-- Opening Marker --
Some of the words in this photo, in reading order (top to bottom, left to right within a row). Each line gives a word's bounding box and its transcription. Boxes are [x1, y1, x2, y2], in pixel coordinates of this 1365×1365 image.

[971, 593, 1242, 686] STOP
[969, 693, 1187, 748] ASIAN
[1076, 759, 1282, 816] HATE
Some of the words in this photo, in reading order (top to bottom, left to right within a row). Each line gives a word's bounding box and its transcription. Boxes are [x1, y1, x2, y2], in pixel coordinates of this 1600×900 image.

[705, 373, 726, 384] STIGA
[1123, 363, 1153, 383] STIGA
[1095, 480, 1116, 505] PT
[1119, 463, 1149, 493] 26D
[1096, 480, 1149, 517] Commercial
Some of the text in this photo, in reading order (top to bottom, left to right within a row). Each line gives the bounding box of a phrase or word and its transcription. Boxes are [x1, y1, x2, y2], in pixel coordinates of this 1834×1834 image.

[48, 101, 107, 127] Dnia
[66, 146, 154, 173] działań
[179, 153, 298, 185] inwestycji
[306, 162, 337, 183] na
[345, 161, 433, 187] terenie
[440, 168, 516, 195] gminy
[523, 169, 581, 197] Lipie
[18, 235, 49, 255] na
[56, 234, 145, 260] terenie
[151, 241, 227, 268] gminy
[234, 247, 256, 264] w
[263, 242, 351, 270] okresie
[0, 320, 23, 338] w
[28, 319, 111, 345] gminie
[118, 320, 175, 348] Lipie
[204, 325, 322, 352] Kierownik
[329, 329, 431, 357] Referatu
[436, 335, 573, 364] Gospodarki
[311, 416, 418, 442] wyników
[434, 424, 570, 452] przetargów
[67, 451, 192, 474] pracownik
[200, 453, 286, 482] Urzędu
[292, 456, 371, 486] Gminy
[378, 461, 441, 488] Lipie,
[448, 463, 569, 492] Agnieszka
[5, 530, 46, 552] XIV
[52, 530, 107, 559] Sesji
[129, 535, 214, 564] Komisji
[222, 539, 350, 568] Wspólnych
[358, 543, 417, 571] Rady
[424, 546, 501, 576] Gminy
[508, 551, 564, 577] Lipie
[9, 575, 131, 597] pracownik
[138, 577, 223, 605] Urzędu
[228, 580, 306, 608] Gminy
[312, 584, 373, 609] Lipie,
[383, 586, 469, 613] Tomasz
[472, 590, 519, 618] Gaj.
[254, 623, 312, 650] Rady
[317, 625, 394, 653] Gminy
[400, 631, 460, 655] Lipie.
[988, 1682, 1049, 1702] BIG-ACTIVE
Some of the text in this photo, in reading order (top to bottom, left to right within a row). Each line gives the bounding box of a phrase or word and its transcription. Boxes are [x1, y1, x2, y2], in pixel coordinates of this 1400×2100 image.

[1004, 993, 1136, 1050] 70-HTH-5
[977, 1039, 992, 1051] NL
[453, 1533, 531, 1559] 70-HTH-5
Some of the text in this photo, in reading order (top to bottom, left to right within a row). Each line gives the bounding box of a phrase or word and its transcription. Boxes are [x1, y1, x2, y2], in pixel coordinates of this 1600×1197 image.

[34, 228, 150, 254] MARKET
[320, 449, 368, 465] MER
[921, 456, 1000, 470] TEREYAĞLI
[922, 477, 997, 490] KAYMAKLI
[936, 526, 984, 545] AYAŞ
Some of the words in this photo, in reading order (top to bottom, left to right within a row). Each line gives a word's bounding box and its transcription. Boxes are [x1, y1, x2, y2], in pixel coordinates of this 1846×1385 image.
-- Closing Marker --
Task objective » Everything from the line that has "this 1600×1197 image." to the final line above should be retyped exactly, and nothing else.

Exercise response »
Some of the text in this photo, in reading order (top to bottom, left to right within a row). Each line gives the bounding box of a phrase or word and its transcription. Boxes are [x1, y1, x2, y2], in pixel coordinates of this 1600×1197 image.

[34, 228, 150, 254] MARKET
[320, 449, 368, 465] MER
[921, 456, 1000, 470] TEREYAĞLI
[922, 477, 997, 490] KAYMAKLI
[936, 526, 984, 545] AYAŞ
Some of the words in this photo, in reading order (top to bottom, left to right within a row). Each line gives a word's bounding box and its transcription. Boxes are [x1, y1, x2, y2], in pixel coordinates of this 1846×1385 image.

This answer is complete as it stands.